Treat the line containing "Some of the words" as the first line of the answer and the last line of the data as its final line, reproducing every line between exactly.

** Input data follows **

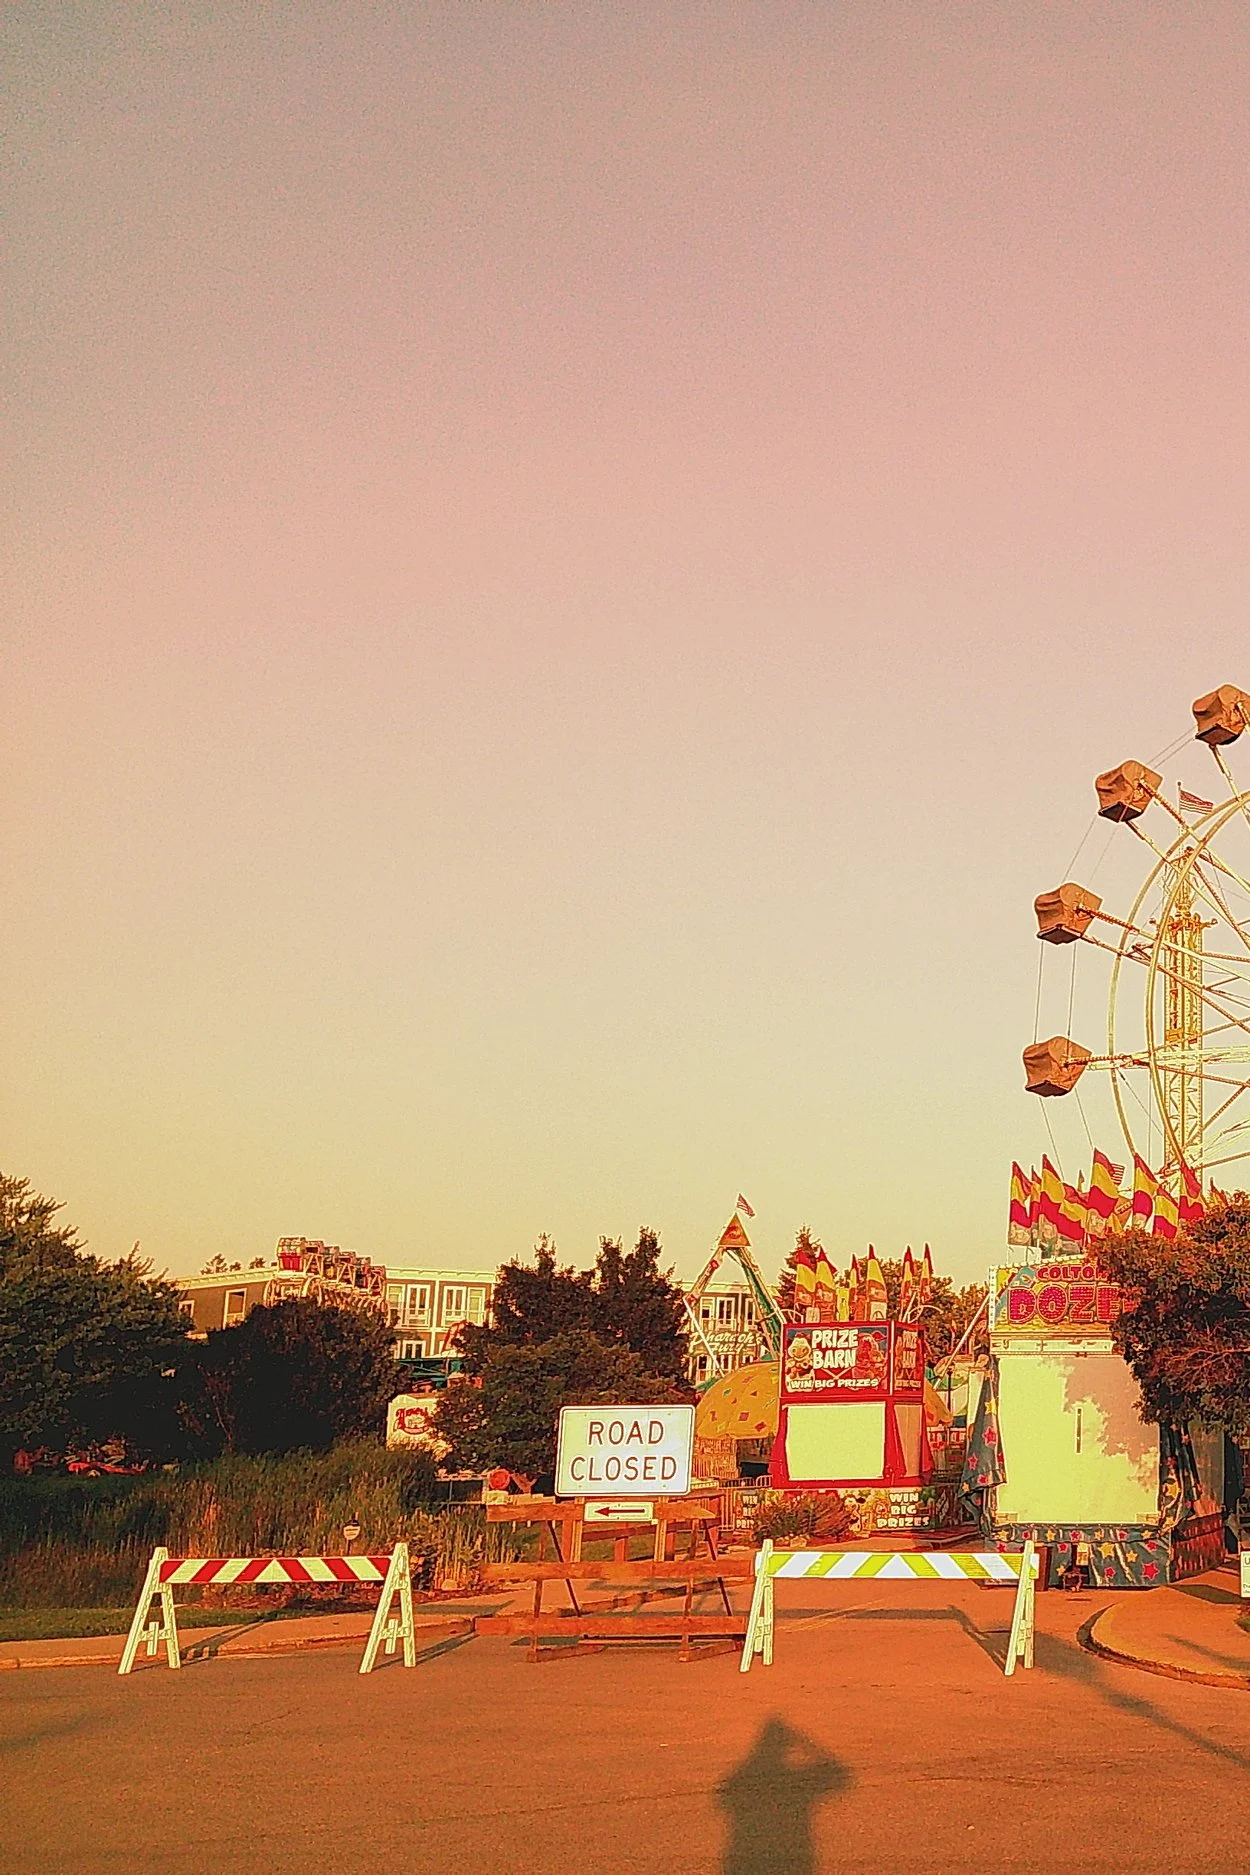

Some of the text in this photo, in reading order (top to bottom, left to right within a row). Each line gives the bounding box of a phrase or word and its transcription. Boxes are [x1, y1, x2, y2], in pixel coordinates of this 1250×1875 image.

[1007, 1284, 1136, 1324] DOZE
[811, 1329, 859, 1349] PRIZE
[812, 1349, 858, 1369] BARN
[790, 1377, 880, 1390] WIN BIG PRIZES
[588, 1420, 665, 1446] ROAD
[570, 1456, 678, 1482] CLOSED
[889, 1492, 919, 1503] WIN
[890, 1504, 917, 1515] BIG
[876, 1516, 930, 1528] PRIZES
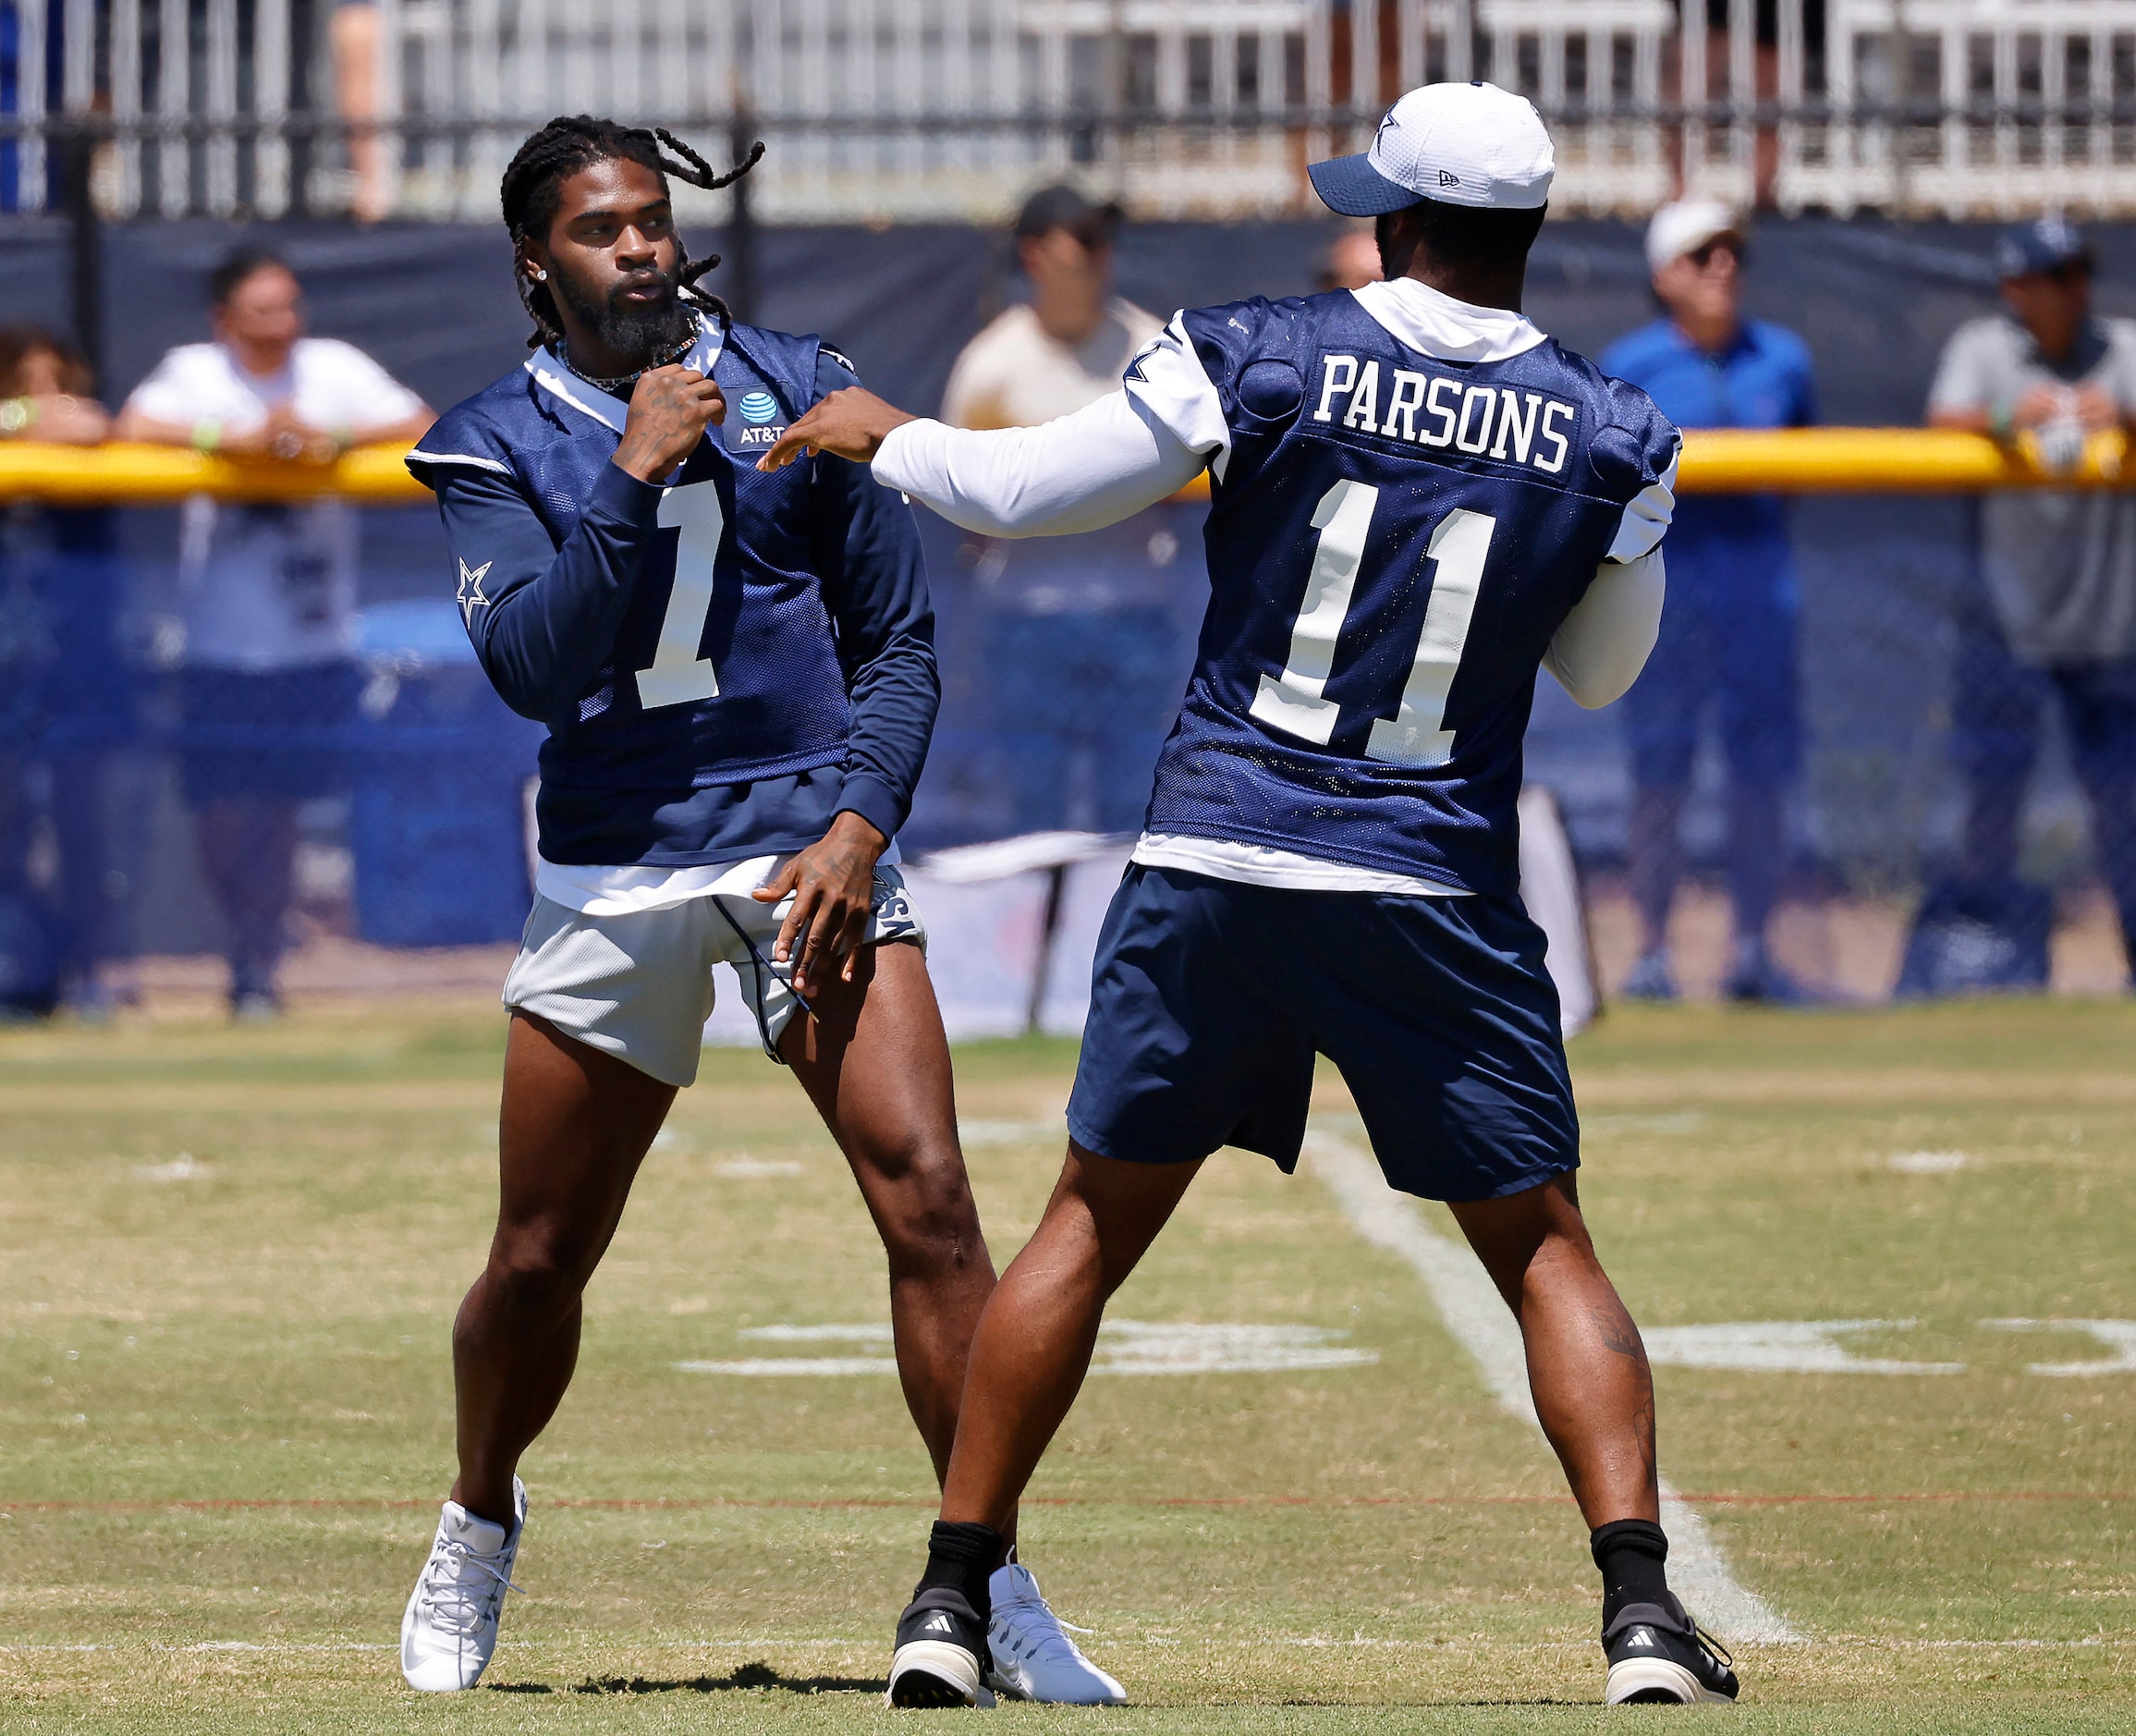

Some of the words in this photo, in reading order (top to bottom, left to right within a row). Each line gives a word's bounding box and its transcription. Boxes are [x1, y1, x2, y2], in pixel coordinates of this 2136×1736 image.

[740, 426, 786, 445] AT&T
[1313, 354, 1574, 473] PARSONS
[635, 479, 724, 709] 1
[1249, 478, 1496, 765] 11

** End of Input data **

### Final answer
Some of the words in this photo, in reading order (top to bottom, left to right within a row). Each line gives a word's bounding box and its transcription. Boxes are [x1, y1, x2, y2], in pixel coordinates of this 2136×1736 image.

[740, 426, 786, 445] AT&T
[1313, 354, 1574, 473] PARSONS
[635, 479, 724, 709] 1
[1249, 478, 1496, 765] 11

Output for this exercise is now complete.